Free-text object descriptions:
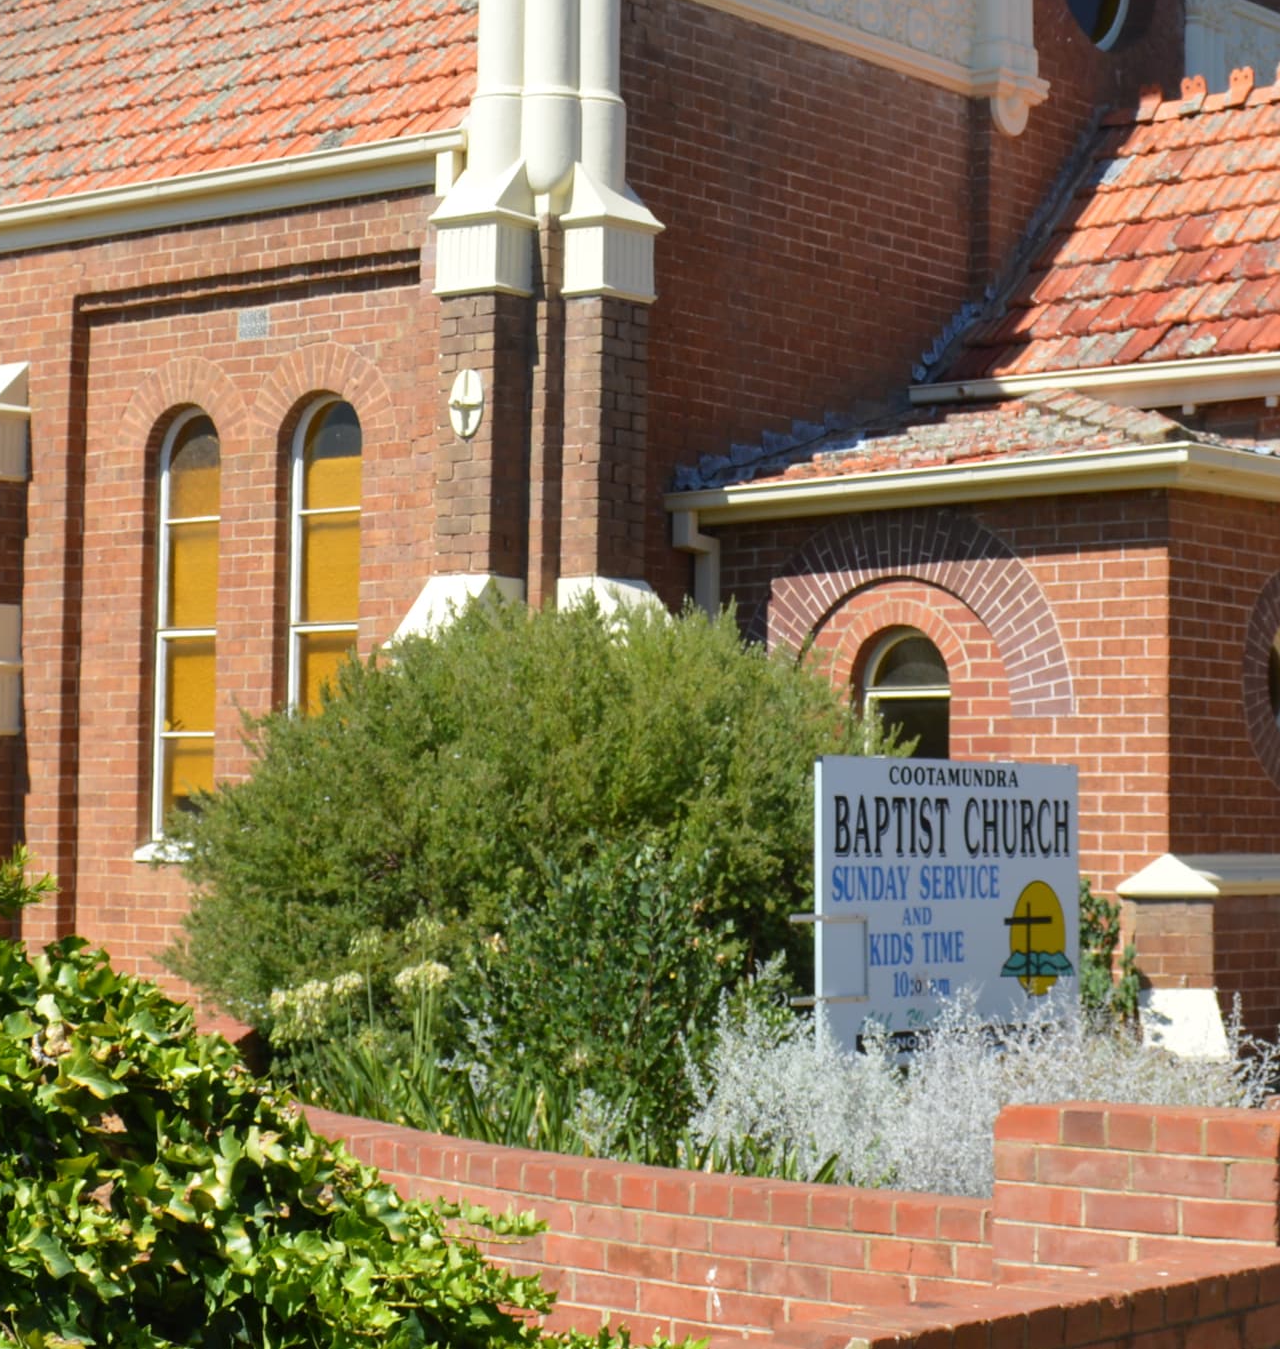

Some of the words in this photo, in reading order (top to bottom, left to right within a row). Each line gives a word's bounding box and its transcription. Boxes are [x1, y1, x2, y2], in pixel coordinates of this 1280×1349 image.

[889, 766, 1019, 788] COOTAMUNDRA
[834, 795, 950, 858] BAPTIST
[963, 798, 1070, 859] CHURCH
[832, 865, 910, 902] SUNDAY
[919, 865, 1000, 900] SERVICE
[902, 907, 932, 926] AND
[869, 933, 914, 967] KIDS
[921, 931, 965, 964] TIME
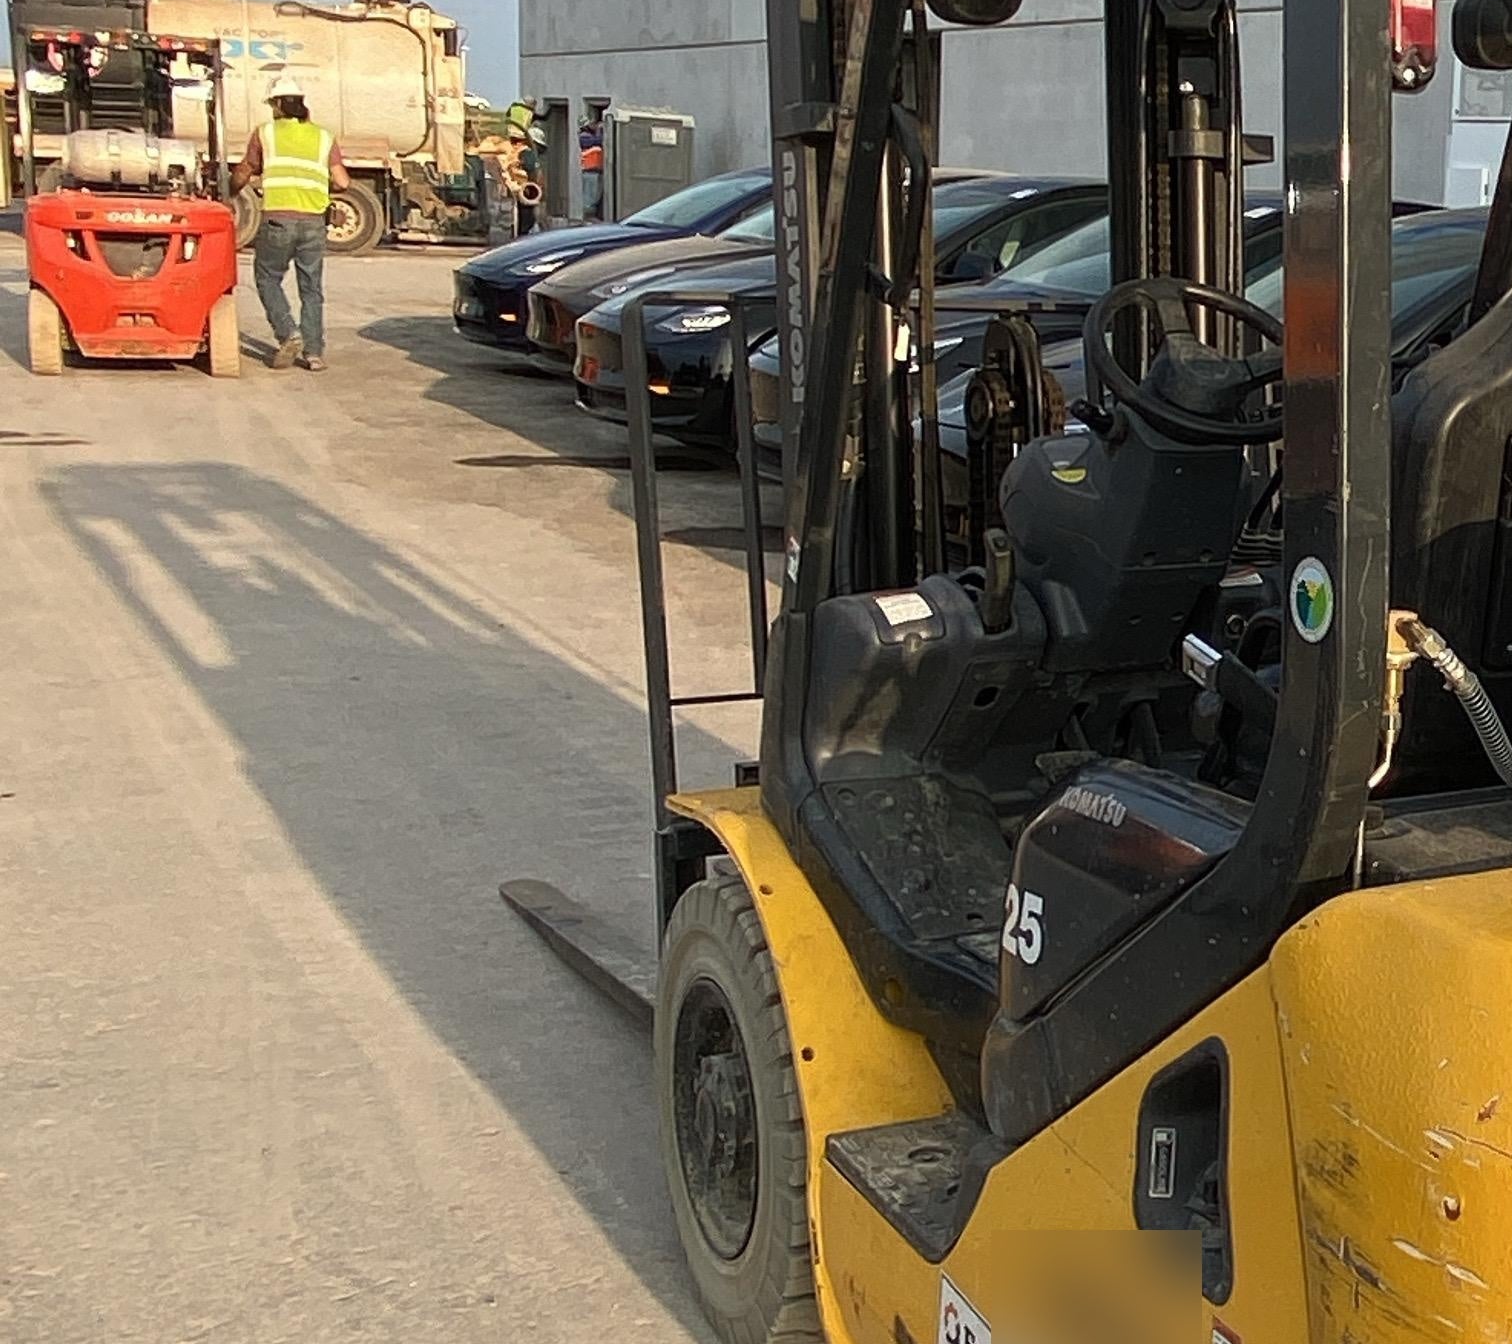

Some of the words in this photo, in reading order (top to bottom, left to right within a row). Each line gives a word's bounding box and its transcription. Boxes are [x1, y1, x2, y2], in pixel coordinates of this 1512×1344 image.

[781, 149, 806, 404] KOMATSU
[1058, 785, 1128, 828] KOMATSU
[1001, 883, 1045, 966] 25

Directions for this task:
Could you repeat the data exactly, omitting its pictures?

Problem solution:
Some of the words in this photo, in reading order (top to bottom, left to right within a row). Each line gives a word's bounding box and its transcription. Boxes are [x1, y1, x2, y2], in pixel coordinates of this 1280×1349 image.

[889, 766, 1019, 788] COOTAMUNDRA
[834, 795, 950, 858] BAPTIST
[963, 798, 1070, 859] CHURCH
[832, 865, 910, 902] SUNDAY
[919, 865, 1000, 900] SERVICE
[902, 907, 932, 926] AND
[869, 933, 914, 967] KIDS
[921, 931, 965, 964] TIME

Some of the words in this photo, in reading order (top to bottom, left to right within a row). Each line gives a word's bounding box and its transcription. Boxes are [x1, y1, x2, y2], in pixel coordinates of this 1512×1344 image.

[781, 149, 806, 404] KOMATSU
[1058, 785, 1128, 828] KOMATSU
[1001, 883, 1045, 966] 25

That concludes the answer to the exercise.